本日は、「ツボは押した方がいいのか」についてお答えします。
ツボは押さない方がいい
施術をしていると「そこは何のツボですか」と聞かれることがあります。例えば「眼精疲労のツボです。」と答えると「じゃあ目が疲れた時やかすむ時はここを押した方がいいですか」というようにツボ押しをした方がいいかどうか、という質問が出てくることが多いです。

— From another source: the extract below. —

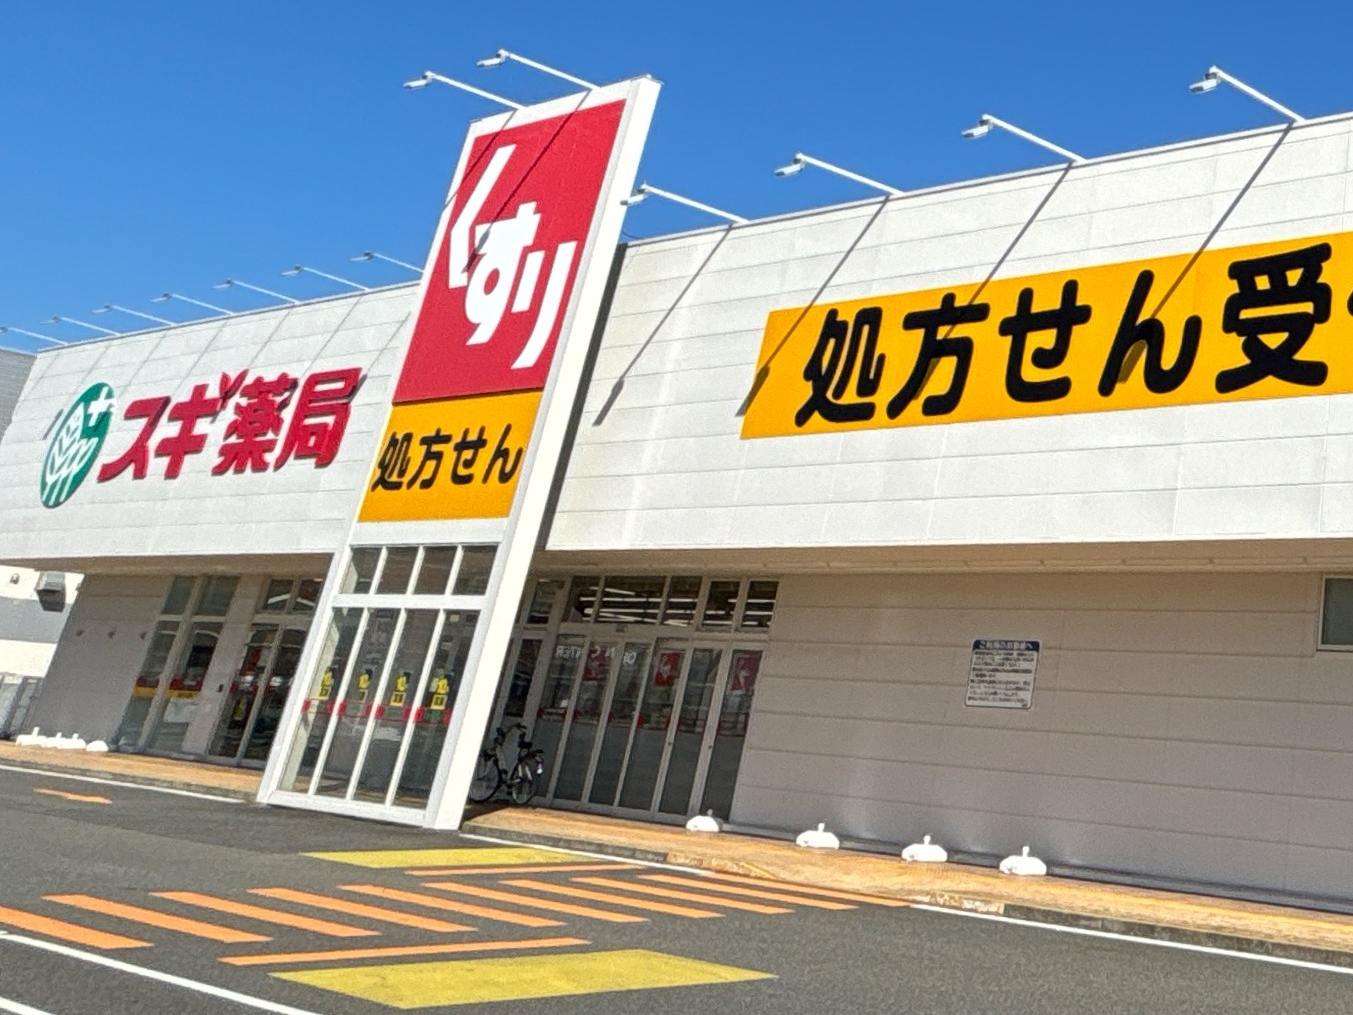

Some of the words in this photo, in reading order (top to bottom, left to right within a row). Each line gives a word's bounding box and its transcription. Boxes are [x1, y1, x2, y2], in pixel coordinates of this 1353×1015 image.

[448, 143, 579, 370] くすり
[97, 366, 363, 484] スギ薬局
[370, 422, 524, 493] 処方せん
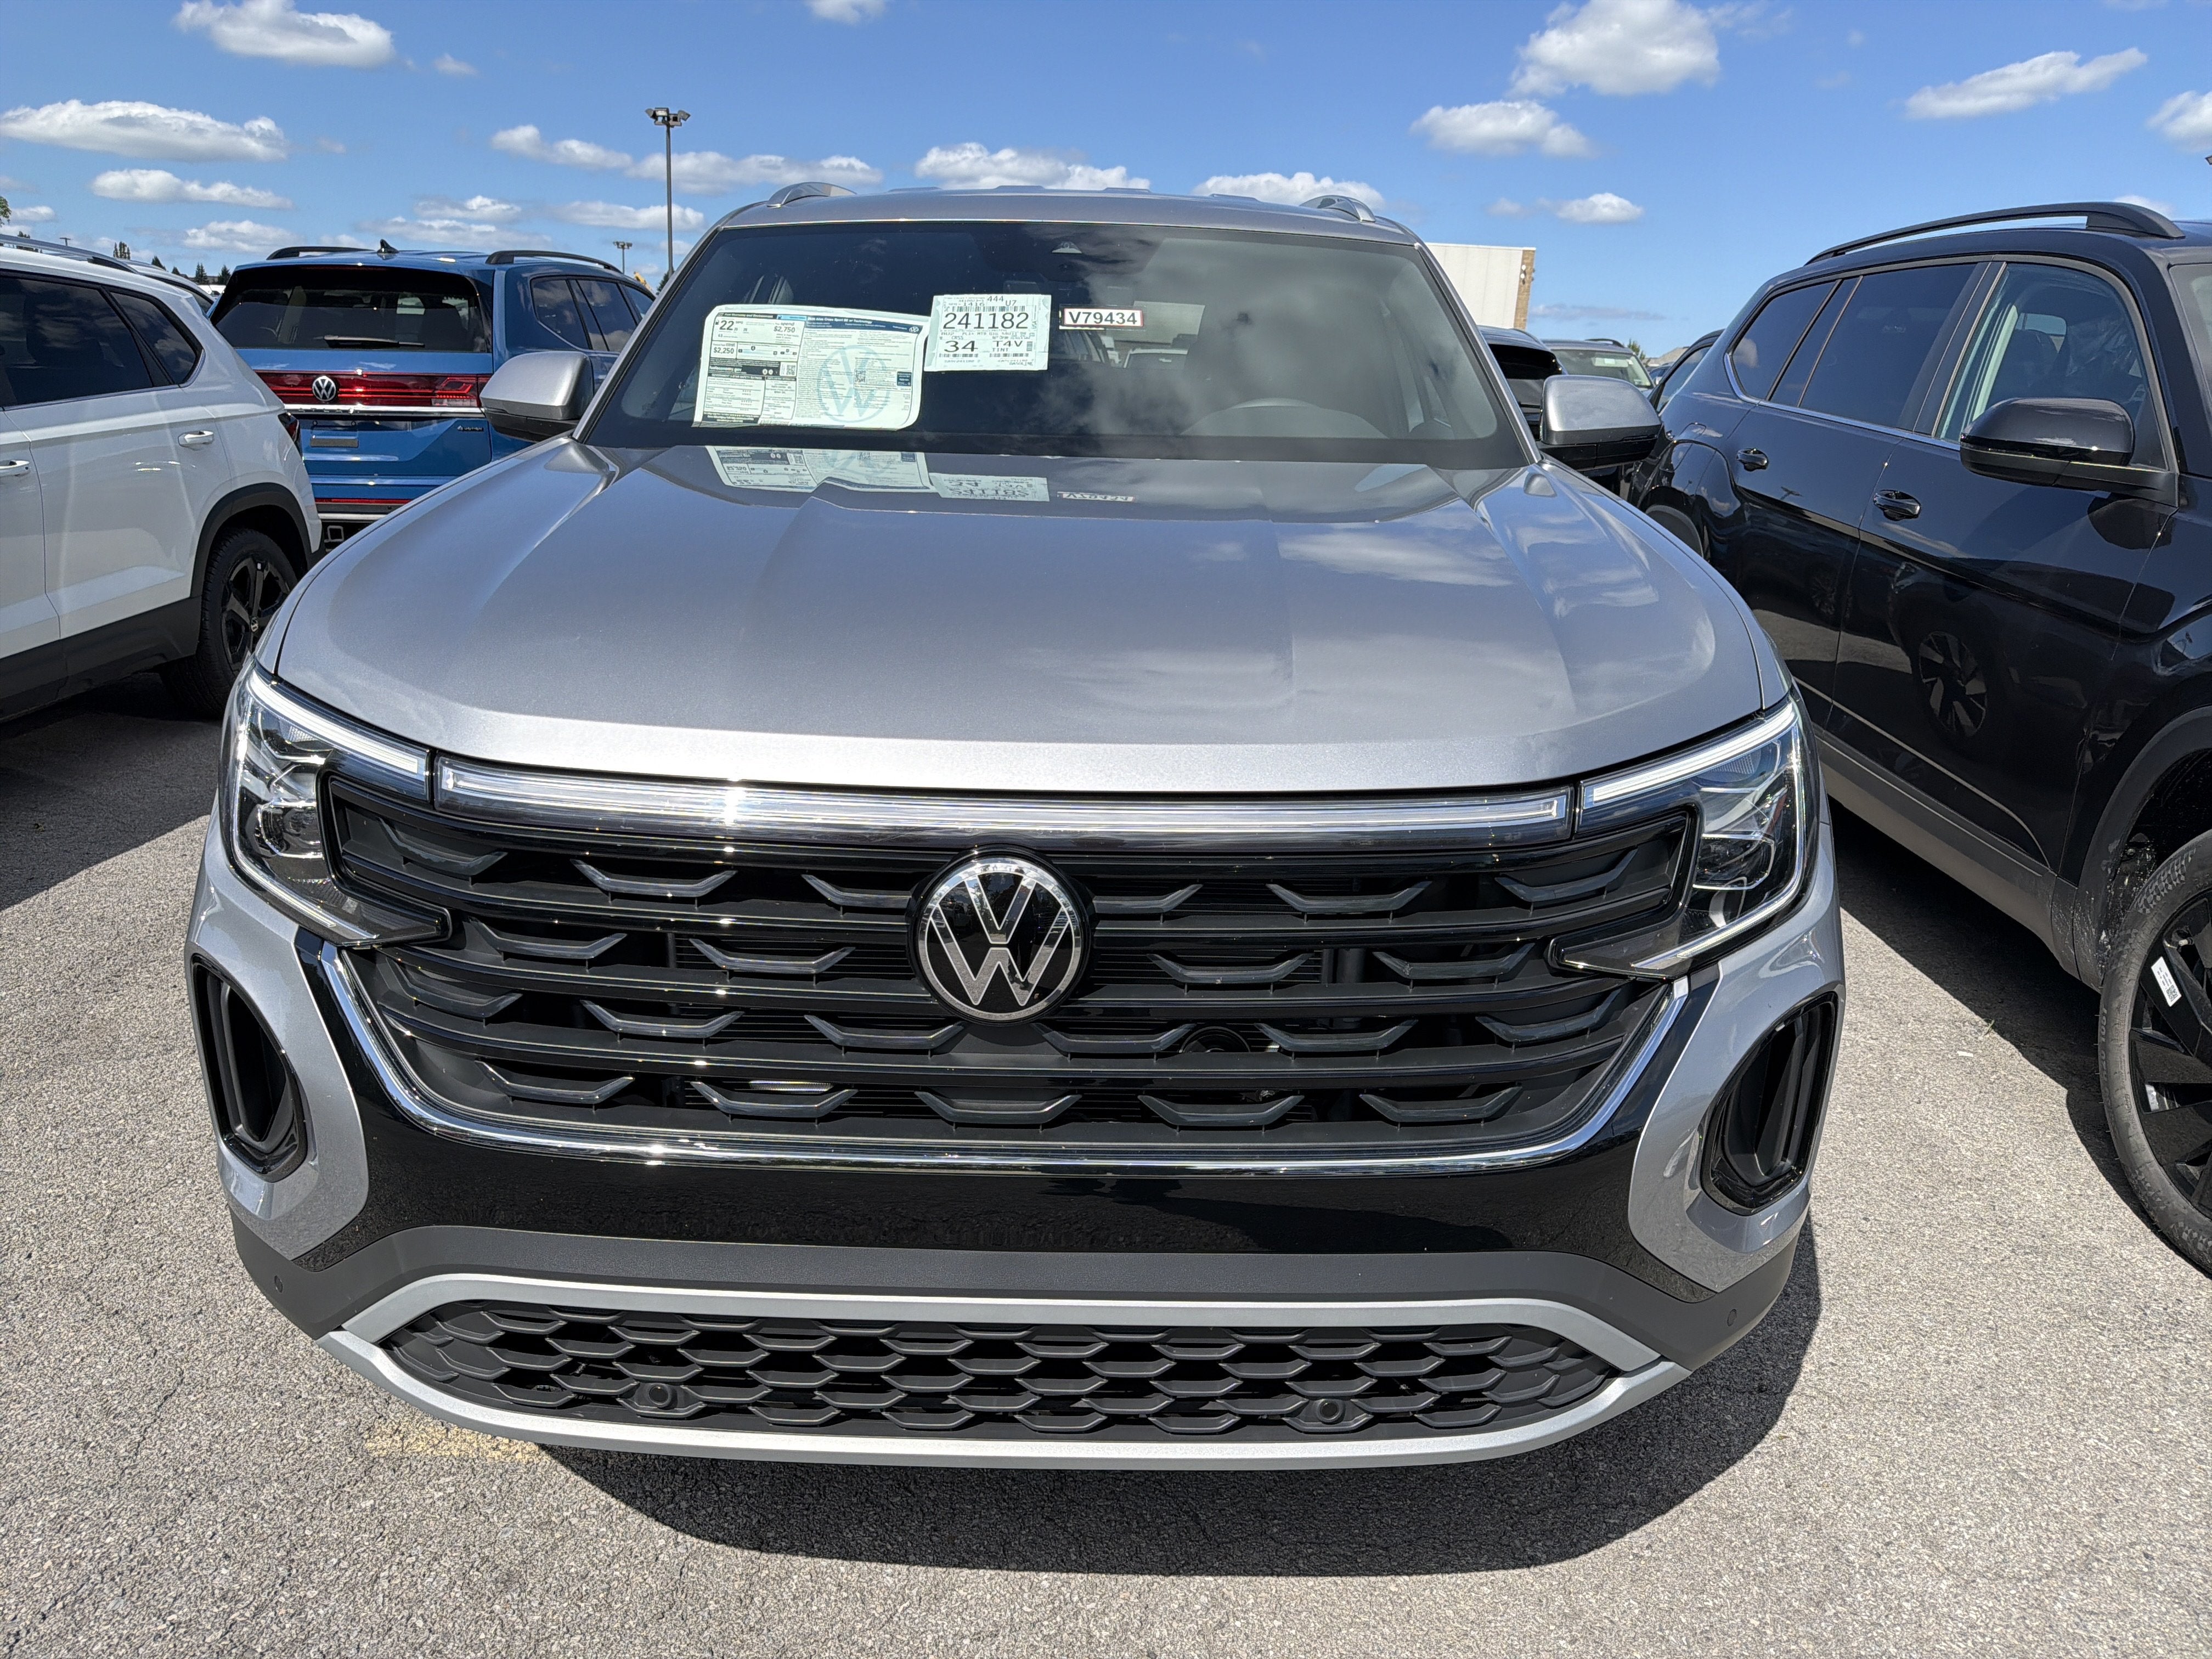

結論からいえば押さない方がいいことが多いです。私たちの鍼灸の考え方には「加圧は瀉法につながる」という言葉があります。加圧というのは押す行為、瀉法とは抜くという意味ですから、押すことは抜くことにつながるということです。
(※何を抜くのかと言うと、体から気を抜くと言うことです。)
抜いてはいけない理由
東洋医学では症状が出るのは、多いか少ないか、つまり何かが過剰になったか、不足してしまったことが原因だと考えます。(何かとは・・・気・血・水のどれかです)
10がちょうどいいとすると、例えば眼精疲労は目を使いすぎて症状が出ているわけですから不足して8になっていることが原因だと考えます。8を10に持っていくためには当然2を足す、補わなければいけません。補うというのは元気にするという意味です。さっきほど説明したように、押すと抜いてしまいますから使いすぎて症状が出ている場合には基本的には逆効果です。
足がひどくほてって仕方がない、足がとにかく熱くて眠れないというようにエネルギーが過剰になってしまって症状がでているときには押して抜くといいと思います。しかし、私が今まで見てきた患者さんたちは皆さん基本的に元気が足りなくて症状が出ていることが大多数ですから、ぐいぐい押すような行為はお勧めしません。
ツボを押さずにどうする?
まず1番のお勧めは『温める』ということでお灸です。最近ではドラッグストアでも自宅でできるお灸が売っていますので、それをツボに乗せて温めます。
お灸は火を使うので怖いという方には、玄米カイロや小豆のカイロをレンジで温めてツボにあてるのもいいと思います。他にもドライヤーで簡易的に温めるという方法もありまして、「風邪ひきそうだな・・・」と思ったときに首の後ろをババーっとドライヤーで温めて風邪を予防するという方法もあります。冬場に使うカイロは、熱すぎて当てている部分が汗ばんでしまうと冷えてしまうので、当てすぎなければいいと思います。
温める以外では、金属のスプーンを使って皮膚を撫でる方法があります。これは撫でる向きなどがありますので是非鍼灸師に相談していただいてから試していただきたいです。
おわりに
ご自身の症状が
- ツボを押していいものかどうか?
- 温めたほうがいいのかどうか?
という判断は、お近くの東洋医学専門の鍼灸院で聞かれるといいかと思います。